Their tongues dueled dangerously, inciting them both to greater passion. He clasped her shoulders, making himself go slow, telling himself Go Slow. He slid his hand across the damp cotton that covered her breasts all the way down to her belly, wishing the damned nightgown wasn’t between his palm and her flesh, but feeling the heat of her even through the thin shift.
He grabbed the bottom edge of it, anxious to get it out of his way, and brushed her thigh with his fingertips. Just her thigh. She tensed slightly but didn’t pull away. He managed not to heave a sigh of relief.
It’s going to be all right. I’ll be able to do this for her.

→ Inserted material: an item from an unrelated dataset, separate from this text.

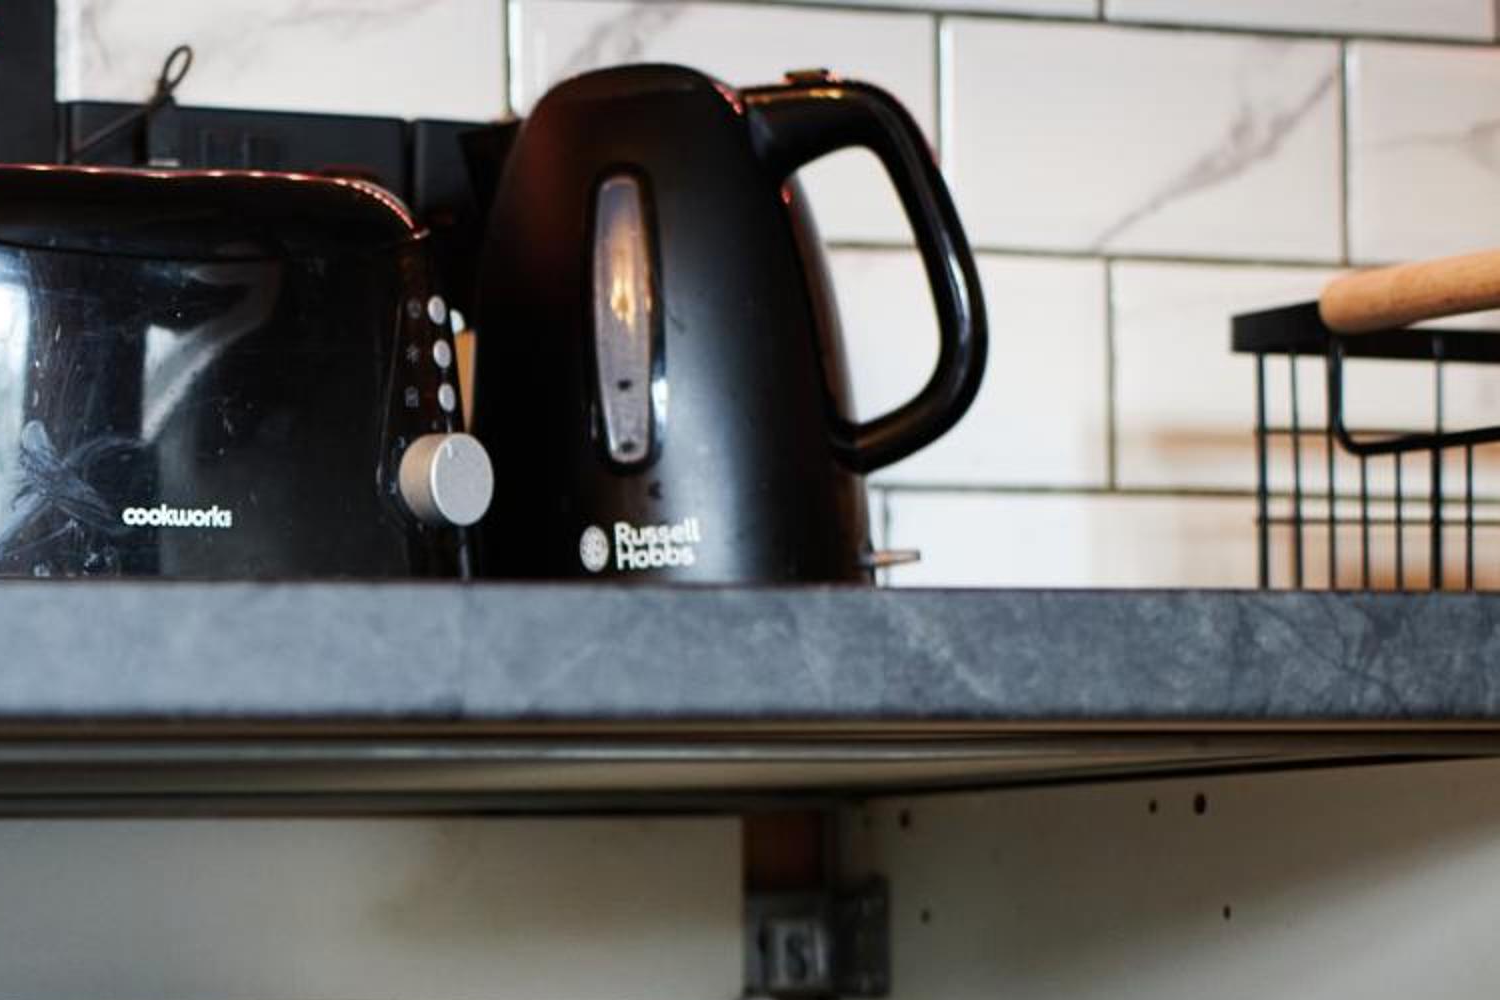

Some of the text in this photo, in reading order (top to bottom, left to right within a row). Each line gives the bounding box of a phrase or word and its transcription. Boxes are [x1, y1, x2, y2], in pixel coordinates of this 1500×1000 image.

[122, 503, 232, 528] cookworks
[614, 517, 701, 545] Russell
[616, 544, 695, 570] Hobbs

But he was overeager and excited, wor
ried about whether he would be able to satisfy her, and a moment later his hand accidentally brushed against the soft mound between her legs.
She jerked away from him with a cry of alarm. But he still had hold of the nightgown, and the fragile material tore. He let go, but it was too late. She was already rolled up in a tight, fetal ball with her back to him.
“Jewel—”
“I can’t!” she cried. “I can’t.”
He laid a hand on her shoulder, and she cringed away.
“Please don’t touch me,” she whispered.
He lay staring at her in shock. He should have known better than to try this. He should have known he didn’t have the experience to do it right. “What can I do?”
She turned to him, her eyes awash in despair. “I’m sorry, Mac.”
“Aw, Jewel.”
“I thought it would be all right. Because it was you,” she sobbed. “Because you’re my friend.”
He would have to confess the truth. He owed her that much. “It isn’t you, Jewel, it’s me,” he said flatly.
“You’re just saying that to make me feel better,” she said.
“No. I’m not.” He forced himself to continue as she stared up at him. “You mustn’t be discouraged by what happened here tonight. I’m sure another man, a more experienced man, could have managed things better. I lost control and frightened you.”
“But I trust you,” she protested.
“All the more reason I should have kept my hands off of you.” He huffed out a breath of air and shoved a hand through his hair in agitation.
“When you find a man you love,” he said earnestly, “a man who loves you enough to take his time and do things right, I’m sure you’ll be able to get past what happened to you.”
She sat up slowly, her chin sunk to her chest, her hands knotted in front of her knees, which were clutched to her chest. She swallowed hard. “What you’re saying is that you’re not that man.”
“No. I’m not.”
“I see.”
Evidently not. Evidently he hadn’t hinted broadly enough at his inexperience for her to realize the truth.